§ **ABOUT THIS EXERCISE**
Set down exactly, and only, the lines from the one with "this 1440×1920 image." to the final line of the entries, both included.

§ **Spatial localization data**
========================
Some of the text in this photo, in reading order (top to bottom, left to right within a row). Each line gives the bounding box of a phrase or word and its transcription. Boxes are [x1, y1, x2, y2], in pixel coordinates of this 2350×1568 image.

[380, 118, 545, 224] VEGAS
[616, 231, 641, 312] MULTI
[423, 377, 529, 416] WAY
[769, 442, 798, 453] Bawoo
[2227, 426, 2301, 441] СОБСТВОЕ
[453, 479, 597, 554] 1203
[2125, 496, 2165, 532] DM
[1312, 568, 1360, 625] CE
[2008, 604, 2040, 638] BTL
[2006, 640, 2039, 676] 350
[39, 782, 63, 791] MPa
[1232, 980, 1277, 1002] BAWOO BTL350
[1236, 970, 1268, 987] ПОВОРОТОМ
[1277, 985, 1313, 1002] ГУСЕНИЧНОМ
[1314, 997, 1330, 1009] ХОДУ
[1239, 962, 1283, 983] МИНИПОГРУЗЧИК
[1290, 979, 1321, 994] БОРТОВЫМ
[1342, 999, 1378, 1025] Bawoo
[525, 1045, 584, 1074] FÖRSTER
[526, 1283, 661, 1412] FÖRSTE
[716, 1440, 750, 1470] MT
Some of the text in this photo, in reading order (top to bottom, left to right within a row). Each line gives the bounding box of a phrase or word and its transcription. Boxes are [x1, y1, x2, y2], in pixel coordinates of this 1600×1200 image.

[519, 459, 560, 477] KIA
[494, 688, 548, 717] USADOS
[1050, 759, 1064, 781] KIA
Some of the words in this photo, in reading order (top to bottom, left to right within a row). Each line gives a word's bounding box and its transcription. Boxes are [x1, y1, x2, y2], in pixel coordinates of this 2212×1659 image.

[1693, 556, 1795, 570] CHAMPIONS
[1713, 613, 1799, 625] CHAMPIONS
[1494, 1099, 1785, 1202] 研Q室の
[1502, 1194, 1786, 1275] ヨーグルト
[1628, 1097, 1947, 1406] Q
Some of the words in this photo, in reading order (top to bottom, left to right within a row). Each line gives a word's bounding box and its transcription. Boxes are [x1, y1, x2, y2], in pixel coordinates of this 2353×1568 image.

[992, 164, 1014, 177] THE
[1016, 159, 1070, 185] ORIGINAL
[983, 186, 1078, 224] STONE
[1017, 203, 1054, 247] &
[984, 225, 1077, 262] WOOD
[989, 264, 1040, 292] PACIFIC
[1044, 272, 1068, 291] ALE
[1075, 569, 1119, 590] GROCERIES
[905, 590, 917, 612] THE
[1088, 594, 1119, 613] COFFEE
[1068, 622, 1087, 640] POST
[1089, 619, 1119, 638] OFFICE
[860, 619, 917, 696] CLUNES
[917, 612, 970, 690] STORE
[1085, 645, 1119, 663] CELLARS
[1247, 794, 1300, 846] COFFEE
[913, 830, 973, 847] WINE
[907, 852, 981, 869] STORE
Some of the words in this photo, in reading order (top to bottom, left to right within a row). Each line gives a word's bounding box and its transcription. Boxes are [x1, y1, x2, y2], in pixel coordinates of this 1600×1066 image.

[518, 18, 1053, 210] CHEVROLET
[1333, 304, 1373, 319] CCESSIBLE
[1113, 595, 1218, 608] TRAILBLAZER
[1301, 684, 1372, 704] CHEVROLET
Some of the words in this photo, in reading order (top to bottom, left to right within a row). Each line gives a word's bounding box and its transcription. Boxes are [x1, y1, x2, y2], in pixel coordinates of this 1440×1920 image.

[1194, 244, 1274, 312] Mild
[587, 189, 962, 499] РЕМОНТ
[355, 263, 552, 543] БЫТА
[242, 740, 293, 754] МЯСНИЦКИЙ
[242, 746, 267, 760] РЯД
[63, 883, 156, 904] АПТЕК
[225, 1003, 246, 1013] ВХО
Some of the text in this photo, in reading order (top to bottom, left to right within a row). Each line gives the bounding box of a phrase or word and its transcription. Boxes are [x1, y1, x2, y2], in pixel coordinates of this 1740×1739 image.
========================
§ **SOLVED EXERCISE**
Some of the words in this photo, in reading order (top to bottom, left to right within a row). Each line gives a word's bounding box and its transcription. Boxes are [x1, y1, x2, y2], in pixel coordinates of this 1440×1920 image.

[1194, 244, 1274, 312] Mild
[587, 189, 962, 499] РЕМОНТ
[355, 263, 552, 543] БЫТА
[242, 740, 293, 754] МЯСНИЦКИЙ
[242, 746, 267, 760] РЯД
[63, 883, 156, 904] АПТЕК
[225, 1003, 246, 1013] ВХО
Some of the text in this photo, in reading order (top to bottom, left to right within a row). Each line gives the bounding box of a phrase or word and its transcription. Boxes are [x1, y1, x2, y2], in pixel coordinates of this 1740×1739 image.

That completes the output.